View our latest analysis for Pirelli & C
Is Pirelli & C Fairly Valued?
We're using the 2-stage growth model, which simply means we take in account two stages of company's growth. In the initial period the company may have a higher growth rate and the second stage is usually assumed to have a stable growth rate. To start off with, we need to estimate the next ten years of cash flows. Where possible we use analyst estimates, but when these aren't available we extrapolate the previous free cash flow (FCF) from the last estimate or reported value. We assume companies with shrinking free cash flow will slow their rate of shrinkage, and that companies with growing free cash flow will see their growth rate slow, over this period. We do this to reflect that growth tends to slow more in the early years than it does in later years.
Generally we assume that a dollar today is more valuable than a dollar in the future, so we discount the value of these future cash flows to their estimated value in today's dollars:
10-year free cash flow (FCF) estimate
2023 | 2024 | 2025 | 2026 | 2027 | 2028 | 2029 | 2030 | 2031 | 2032 | |
Levered FCF (€, Millions) | €477.0m | €517.5m | €579.6m | €873.0m | €1.00b | €1.11b | €1.21b | €1.29b | €1.35b | €1.41b |
Growth Rate Estimate Source | Analyst x5 | Analyst x5 | Analyst x4 | Analyst x1 | Est @ 14.92% | Est @ 11.06% | Est @ 8.37% | Est @ 6.48% | Est @ 5.15% | Est @ 4.23% |
Present Value (€, Millions) Discounted @ 20% | €398 | €361 | €338 | €425 | €407 | €378 | €342 | €304 | €267 | €232 |
("Est" = FCF growth rate estimated by Simply Wall St)
Present Value of 10-year Cash Flow (PVCF) = €3.5b
The second stage is also known as Terminal Value, this is the business's cash flow after the first stage. The Gordon Growth formula is used to calculate Terminal Value at a future annual growth rate equal to the 5-year average of the 10-year government bond yield of 2.1%. We discount the terminal cash flows to today's value at a cost of equity of 20%.

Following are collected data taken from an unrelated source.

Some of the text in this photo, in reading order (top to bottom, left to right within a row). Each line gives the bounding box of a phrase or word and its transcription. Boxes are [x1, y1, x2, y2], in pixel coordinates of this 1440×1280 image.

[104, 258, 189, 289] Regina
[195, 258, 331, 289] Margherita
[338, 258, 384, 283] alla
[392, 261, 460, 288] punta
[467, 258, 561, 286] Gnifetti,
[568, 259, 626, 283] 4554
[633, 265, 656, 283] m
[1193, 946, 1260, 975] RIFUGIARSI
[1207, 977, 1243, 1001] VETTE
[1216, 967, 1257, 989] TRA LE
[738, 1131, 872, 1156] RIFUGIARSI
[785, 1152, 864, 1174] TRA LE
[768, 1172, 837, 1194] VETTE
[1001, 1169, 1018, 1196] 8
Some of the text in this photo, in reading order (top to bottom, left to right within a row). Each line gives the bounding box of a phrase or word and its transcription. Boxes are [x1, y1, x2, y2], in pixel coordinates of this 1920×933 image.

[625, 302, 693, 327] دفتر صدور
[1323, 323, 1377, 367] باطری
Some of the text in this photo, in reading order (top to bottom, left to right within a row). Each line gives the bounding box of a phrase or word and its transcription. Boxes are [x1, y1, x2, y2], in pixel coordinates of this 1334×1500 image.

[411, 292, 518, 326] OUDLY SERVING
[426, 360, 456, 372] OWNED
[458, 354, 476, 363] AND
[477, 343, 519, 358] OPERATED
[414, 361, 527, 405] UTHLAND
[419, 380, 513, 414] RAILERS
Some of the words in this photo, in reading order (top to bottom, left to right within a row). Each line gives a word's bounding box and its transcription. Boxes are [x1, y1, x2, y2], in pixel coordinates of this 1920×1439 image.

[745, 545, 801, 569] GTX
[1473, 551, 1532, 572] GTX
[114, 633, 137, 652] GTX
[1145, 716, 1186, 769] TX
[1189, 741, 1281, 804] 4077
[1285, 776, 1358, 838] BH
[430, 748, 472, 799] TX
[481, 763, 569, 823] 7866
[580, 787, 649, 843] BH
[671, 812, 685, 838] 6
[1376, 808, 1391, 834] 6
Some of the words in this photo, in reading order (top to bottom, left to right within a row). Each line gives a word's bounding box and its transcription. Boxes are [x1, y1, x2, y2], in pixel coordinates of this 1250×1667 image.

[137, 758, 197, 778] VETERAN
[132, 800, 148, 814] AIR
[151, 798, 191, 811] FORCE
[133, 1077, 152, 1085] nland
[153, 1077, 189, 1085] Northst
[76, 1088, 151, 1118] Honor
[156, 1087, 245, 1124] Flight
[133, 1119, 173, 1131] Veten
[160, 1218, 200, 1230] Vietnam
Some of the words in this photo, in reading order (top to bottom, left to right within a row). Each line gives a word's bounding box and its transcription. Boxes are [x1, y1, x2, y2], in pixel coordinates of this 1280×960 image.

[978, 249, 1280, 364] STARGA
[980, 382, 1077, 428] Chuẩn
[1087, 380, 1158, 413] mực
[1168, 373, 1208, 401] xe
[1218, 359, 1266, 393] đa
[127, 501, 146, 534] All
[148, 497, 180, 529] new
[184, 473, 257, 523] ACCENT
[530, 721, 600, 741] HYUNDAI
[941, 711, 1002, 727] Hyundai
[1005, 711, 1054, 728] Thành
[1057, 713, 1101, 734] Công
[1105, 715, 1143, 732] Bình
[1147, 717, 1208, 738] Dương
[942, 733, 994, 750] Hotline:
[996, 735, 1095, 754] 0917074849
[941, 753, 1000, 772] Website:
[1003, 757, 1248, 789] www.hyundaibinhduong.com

Terminal Value (TV)= FCF2032 × (1 + g) ÷ (r – g) = €1.4b× (1 + 2.1%) ÷ (20%– 2.1%) = €8.1b
Present Value of Terminal Value (PVTV)= TV / (1 + r)10= €8.1b÷ ( 1 + 20%)10= €1.3b
The total value is the sum of cash flows for the next ten years plus the discounted terminal value, which results in the Total Equity Value, which in this case is €4.8b. The last step is to then divide the equity value by the number of shares outstanding. Compared to the current share price of €4.8, the company appears around fair value at the time of writing. Valuations are imprecise instruments though, rather like a telescope - move a few degrees and end up in a different galaxy. Do keep this in mind.
Important Assumptions
Now the most important inputs to a discounted cash flow are the discount rate, and of course, the actual cash flows. Part of investing is coming up with your own evaluation of a company's future performance, so try the calculation yourself and check your own assumptions. The DCF also does not consider the possible cyclicality of an industry, or a company's future capital requirements, so it does not give a full picture of a company's potential performance. Given that we are looking at Pirelli & C as potential shareholders, the cost of equity is used as the discount rate, rather than the cost of capital (or weighted average cost of capital, WACC) which accounts for debt. In this calculation we've used 20%, which is based on a levered beta of 1.817. Beta is a measure of a stock's volatility, compared to the market as a whole. We get our beta from the industry average beta of globally comparable companies, with an imposed limit between 0.8 and 2.0, which is a reasonable range for a stable business.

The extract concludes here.